Les jours suivants, F. me fera rencontrer Monica, une de ses amies qui tient un restaurant tout mignon quelque part dans le village et à qui je commanderai un « bolo de cenoura com chocolate » (gâteau à la carotte couvert de chocolat), alias le plus succulent des gâteaux brésiliens. On sera également invité à dîner chez N. (et sa famille) qui venait de se procurer un kilo tout frais de crevettes qu’il souhaitait partager. Sur une note moins joyeuse on croisera une autre habitante du village éplorée qui nous fera part de ses déboires relationnels. La violence conjugale est une plaie au brésil, surtout dans le Nord est. En 2017 le pays enregistrait plus de 600 cas de violence domestique par jour. Visiblement, et malheureusement, les femmes d’Atins n’en étaient pas épargnées. Une épine dans le pied quand au marche sur le sable chaud du paradis.

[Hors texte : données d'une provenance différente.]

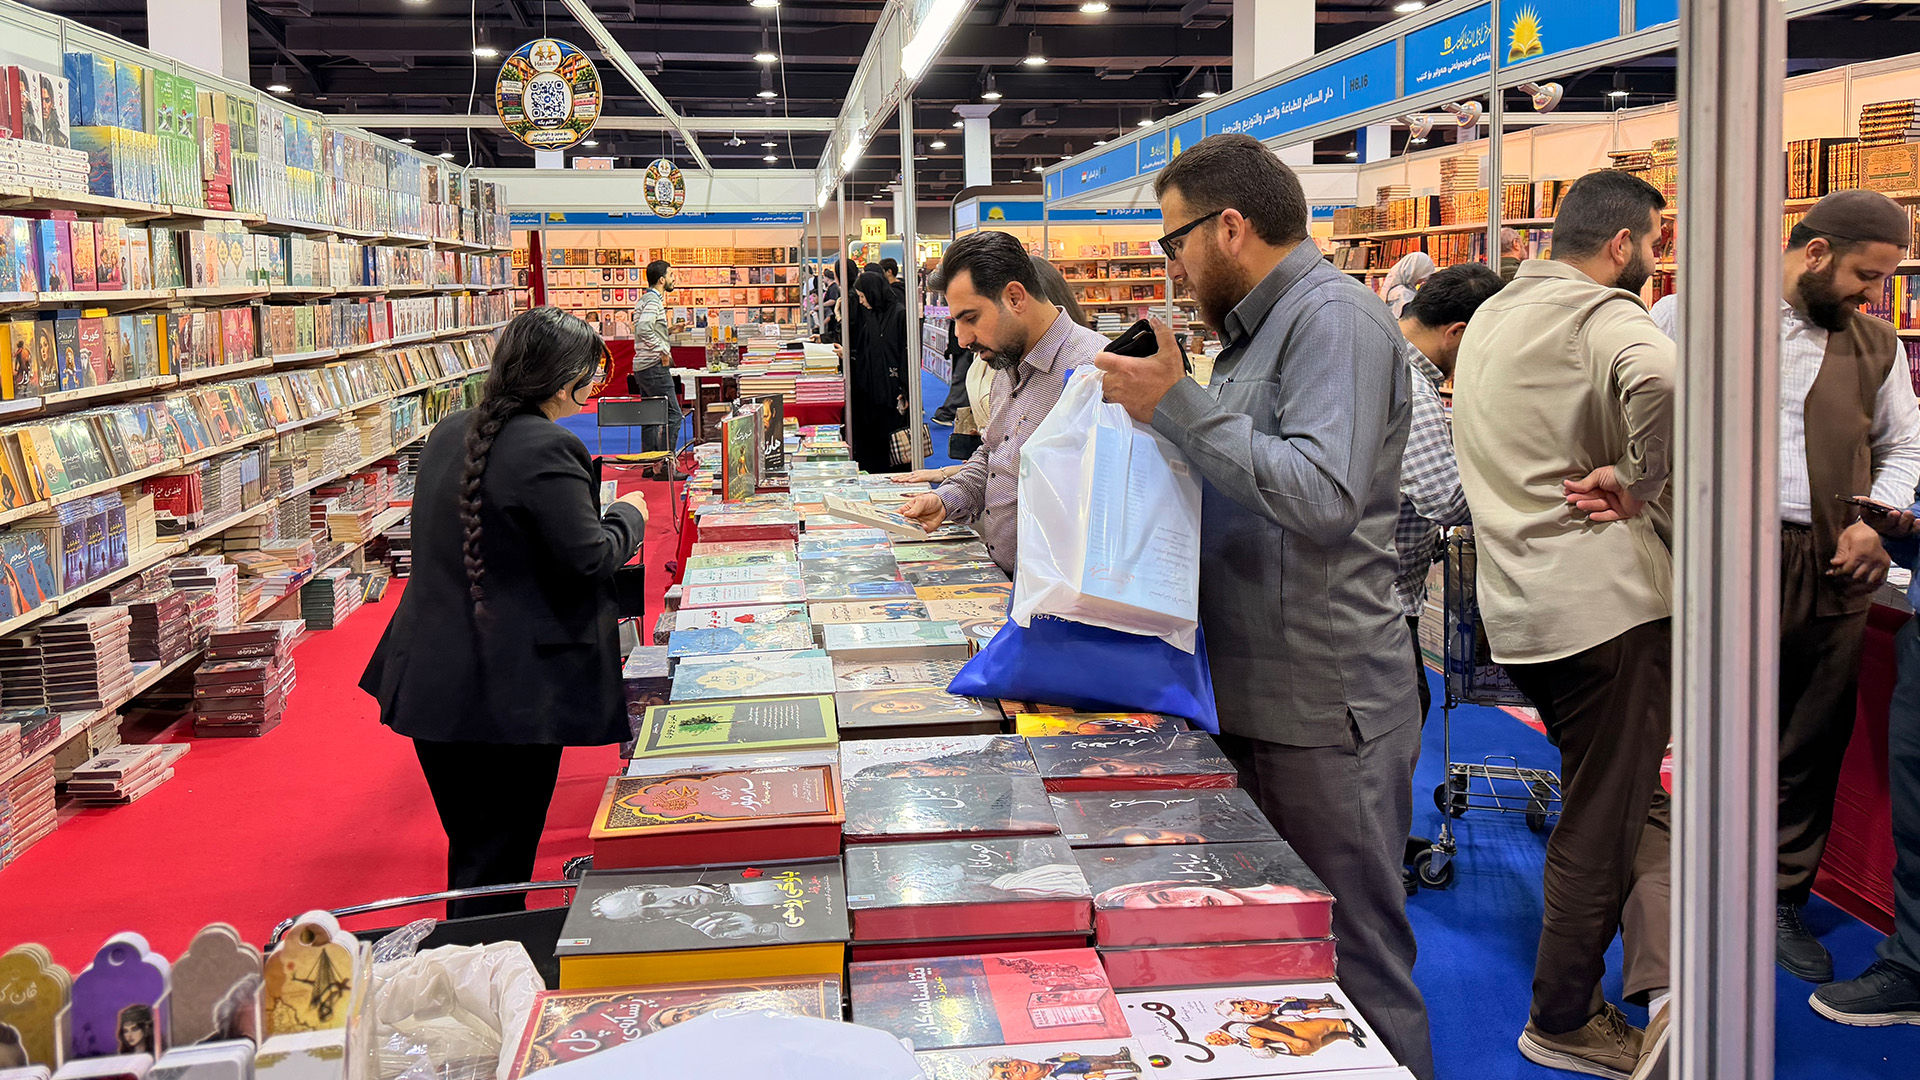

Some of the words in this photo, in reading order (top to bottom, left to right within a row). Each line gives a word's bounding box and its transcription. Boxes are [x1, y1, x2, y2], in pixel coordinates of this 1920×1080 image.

[1302, 90, 1323, 112] السلام
[1324, 86, 1334, 104] دار
[1262, 106, 1281, 125] والنشر
[1281, 98, 1302, 115] للطباعة
[1241, 113, 1262, 132] والتوزيع

Un matin, alors que j’émerge de ma toile suspendue, j’entends des chants s’élever et briser le silence de la matinée. Je jette un regard à F. A voir sa mine se renfrogner, je n’arrive pas y lire s’il préfère entendre les chants religieux de l’église ou les basses de la caisse à son du voisin…

Heureusement ce jour-là nous laissons les voisins bruyants et partons en excursion dans le calme des dunes. En cours de route nous croisons un ami de F. et deux autres françaises. Nous ferons le chemin ensemble jusqu’à Canto do Atins.

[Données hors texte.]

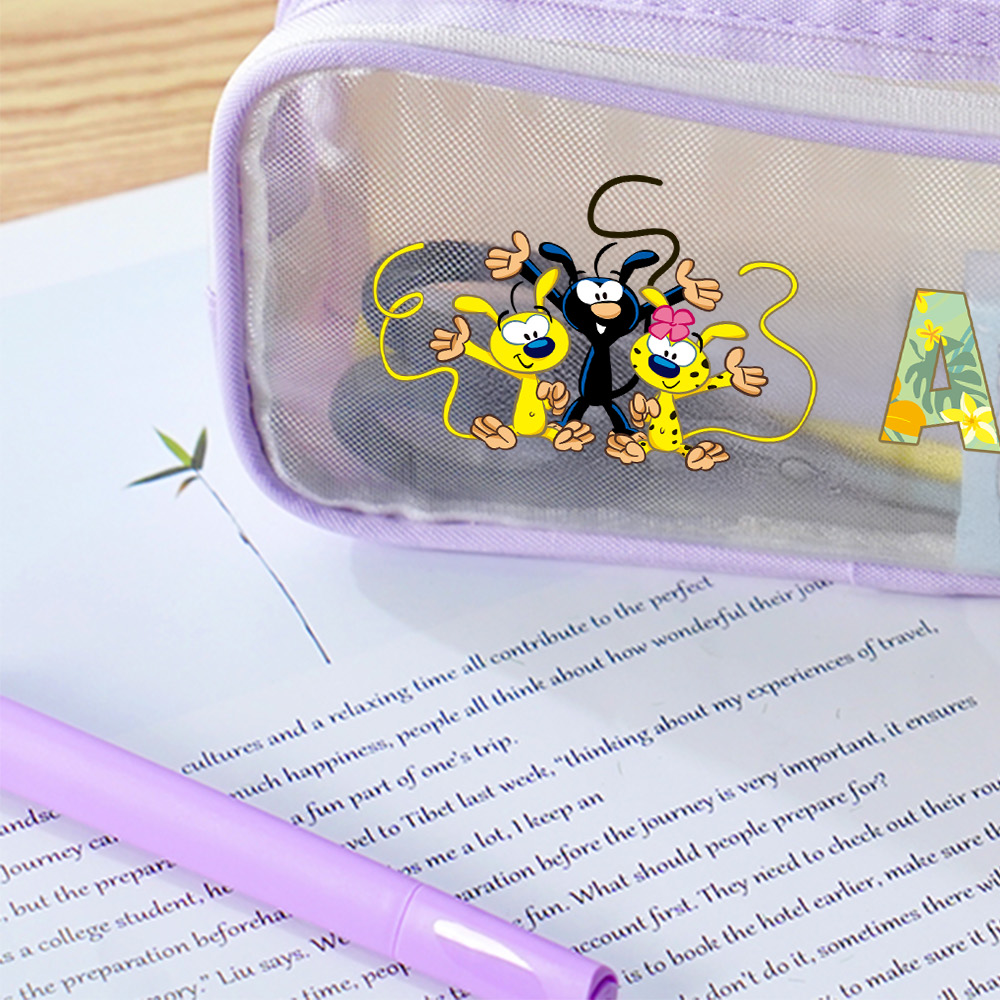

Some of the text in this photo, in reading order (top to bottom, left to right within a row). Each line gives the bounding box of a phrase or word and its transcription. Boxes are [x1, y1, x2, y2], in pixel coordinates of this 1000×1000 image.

[87, 834, 119, 851] ca
[280, 738, 394, 783] happiness,
[394, 708, 459, 748] people
[462, 694, 490, 718] all
[489, 675, 547, 707] think
[548, 655, 606, 687] about
[603, 641, 648, 664] how
[650, 601, 748, 648] wonderful
[747, 590, 796, 613] their
[797, 578, 834, 602] jou
[180, 738, 264, 775] cultures
[266, 717, 308, 747] and
[310, 718, 325, 731] a
[327, 686, 414, 724] relaxing
[411, 668, 456, 693] time
[460, 652, 487, 675] all
[488, 621, 587, 665] contribute
[588, 613, 612, 628] to
[612, 600, 644, 620] the
[647, 575, 713, 611] perfect
[7, 894, 50, 917] but
[52, 884, 89, 904] the
[289, 812, 304, 827] a
[304, 798, 346, 827] fun
[347, 777, 392, 810] part
[395, 763, 417, 791] of
[419, 749, 472, 778] one's
[471, 735, 519, 758] trip.
[18, 945, 34, 958] a
[36, 920, 110, 952] college
[114, 890, 205, 929] student,
[340, 826, 377, 850] vel
[376, 822, 401, 840] to
[398, 798, 456, 829] Tibet
[454, 783, 496, 809] last
[497, 762, 556, 793] week,
[652, 702, 710, 736] about
[710, 693, 743, 712] my
[745, 653, 855, 700] experiences
[856, 636, 878, 662] of
[876, 618, 939, 651] travel,
[214, 965, 256, 985] Liu
[257, 948, 311, 973] says.
[452, 864, 536, 903] aration
[533, 838, 602, 872] before
[601, 824, 637, 846] the
[636, 795, 714, 840] journey
[714, 787, 736, 803] is
[735, 770, 779, 794] very
[778, 729, 887, 778] important,
[882, 720, 903, 738] it
[904, 695, 978, 731] ensures
[523, 902, 571, 932] fun.
[567, 872, 630, 905] What
[632, 840, 702, 883] should
[703, 818, 769, 860] people
[770, 791, 848, 834] prepare
[846, 770, 888, 806] for?
[647, 896, 699, 933] first.
[694, 877, 749, 904] They
[751, 850, 802, 884] need
[800, 848, 825, 865] to
[826, 821, 884, 855] check
[884, 808, 920, 833] out
[918, 791, 967, 819] their
[18, 791, 605, 1000] the preparation beforeha me a lot, I keep an
[620, 968, 643, 985] is
[642, 959, 667, 977] to
[664, 933, 721, 966] book
[720, 922, 757, 945] the
[754, 895, 811, 930] hotel
[812, 875, 884, 910] earlier,
[882, 851, 939, 881] make
[939, 834, 984, 860] sure
[704, 969, 760, 1000] don't
[761, 958, 790, 981] do
[788, 949, 817, 968] it,
[815, 908, 922, 959] sometimes
[920, 886, 975, 915] there
[837, 982, 863, 999] to
[863, 957, 921, 989] make
[922, 939, 968, 965] sure
[965, 928, 987, 947] it
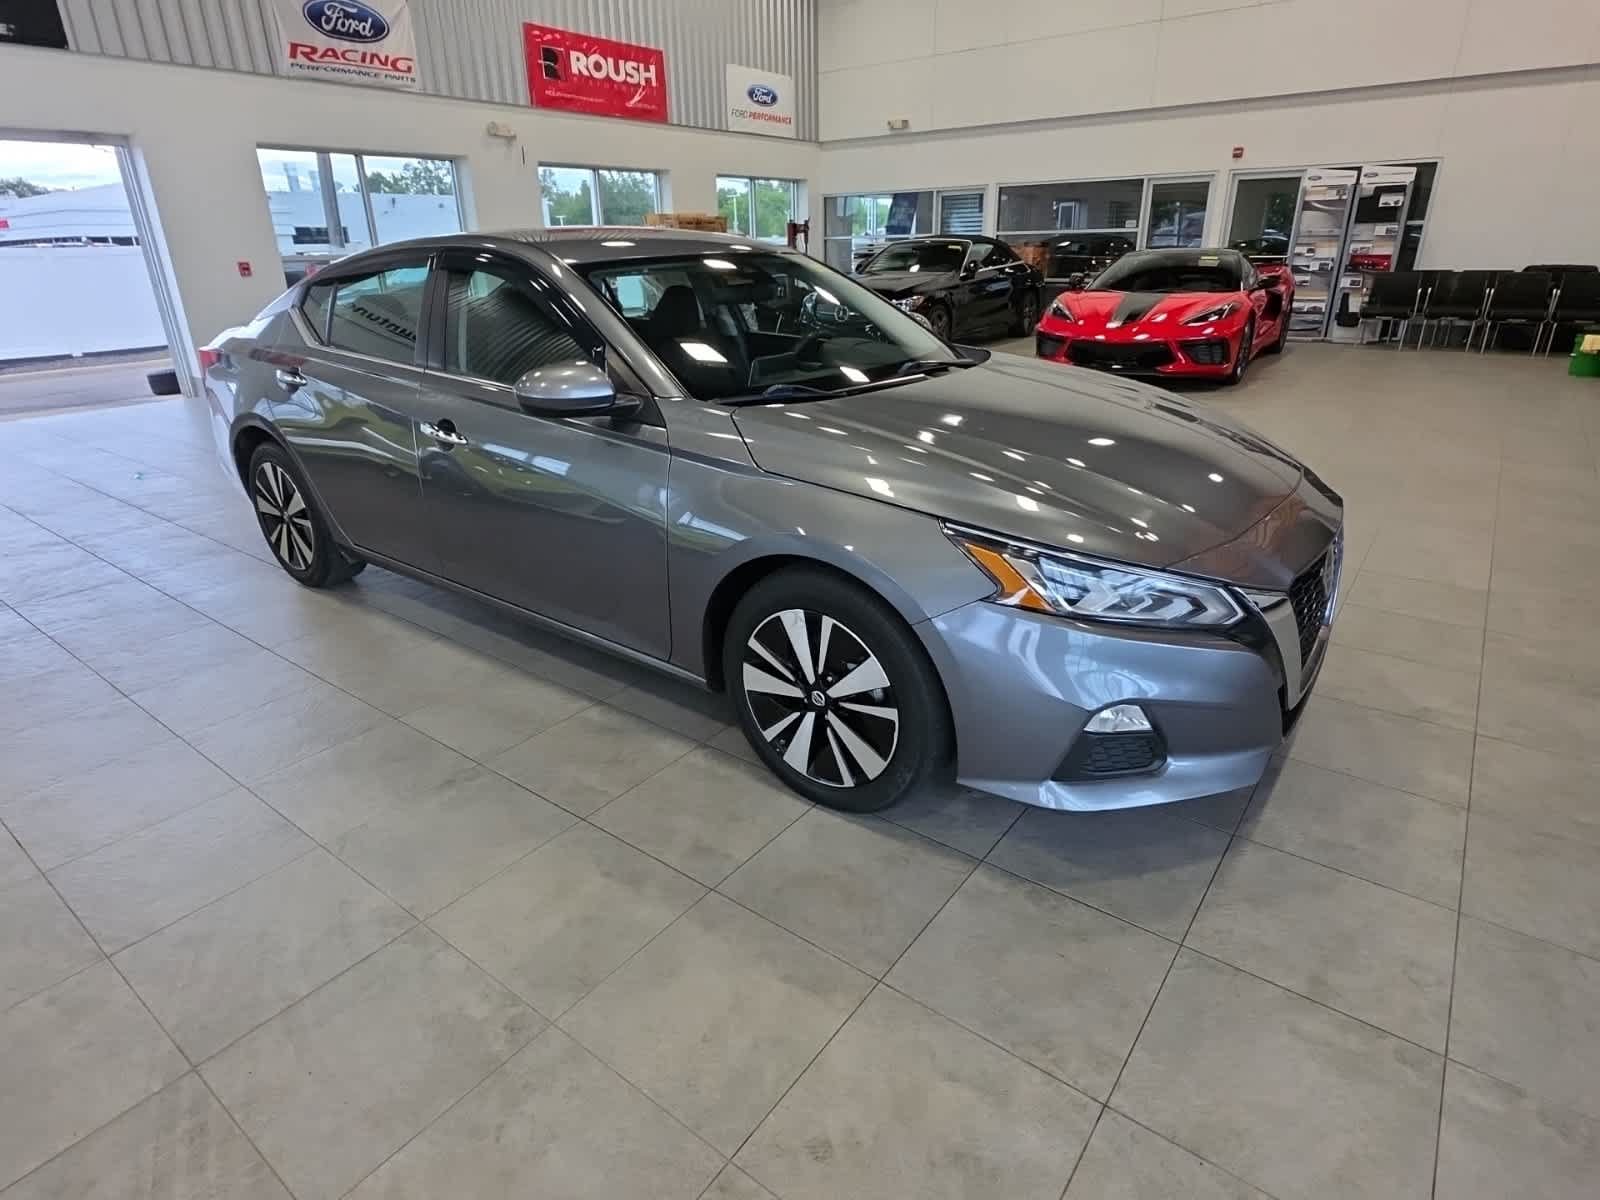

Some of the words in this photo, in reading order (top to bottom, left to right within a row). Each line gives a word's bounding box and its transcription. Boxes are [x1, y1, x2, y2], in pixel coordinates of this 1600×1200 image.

[321, 2, 374, 37] Ford
[289, 42, 414, 74] RACING
[290, 62, 380, 79] PERFORMANCE
[569, 50, 657, 87] ROUSH
[752, 87, 773, 104] Ford

Traversée de lagune, les pieds dans l’eau!
L’eau est superbe
Pause déjeuner à Canto do Atins

Nous rentrons à Atins après le coucher du soleil et mal me prends de vouloir aller observer le plancton luminescent sur la plage.

Mon smartphone ne résistera pas au bain d’eau salée qu’il recevra au cours de cette entreprise et c’est penaude (et très frustrée) que je m’en reviendrais à mon hamac.

Je quitterai Atins le lendemain en pirogue, retour à Barreirinhas puis direction Santo Amaro, un des autres village « porte d’entrée » du parc des Lençois Maranhenses.

Désormais je vais barouder presque comme au temps de F. Au revoir smartphone!

Revoada dos guaras (le retour des ibis rouges)

Où loger à Barreirinhas

Hostel casa do profesor , 40BS en dortoir avec petit-déjeuner

Hostel Boas Maos, 40BS en dortoir avec petit déjeuner

Le bureau d’informations touristiques peut fournir une liste des hébergements disponibles dans le village. Certains habitants louent des chambres à prix modiques.

Se rendre de Barreirinhas à Atins

En toyota / jardinière : 25 RS

En bateau rapide : entre 25RS et 60RS

En bateau stop : consulter les pêcheurs sur le port

Il existe aussi une excursion à la journée pour Caburé, qui se situe à une quinzaine de minutes d’Atins

Excursions recommandées

Lagoa Bonita à Barreirinhas (environ 60RS)

Lagoa Tropical a Atins (à négocier avec un guide, pour ma part j’étais invitée)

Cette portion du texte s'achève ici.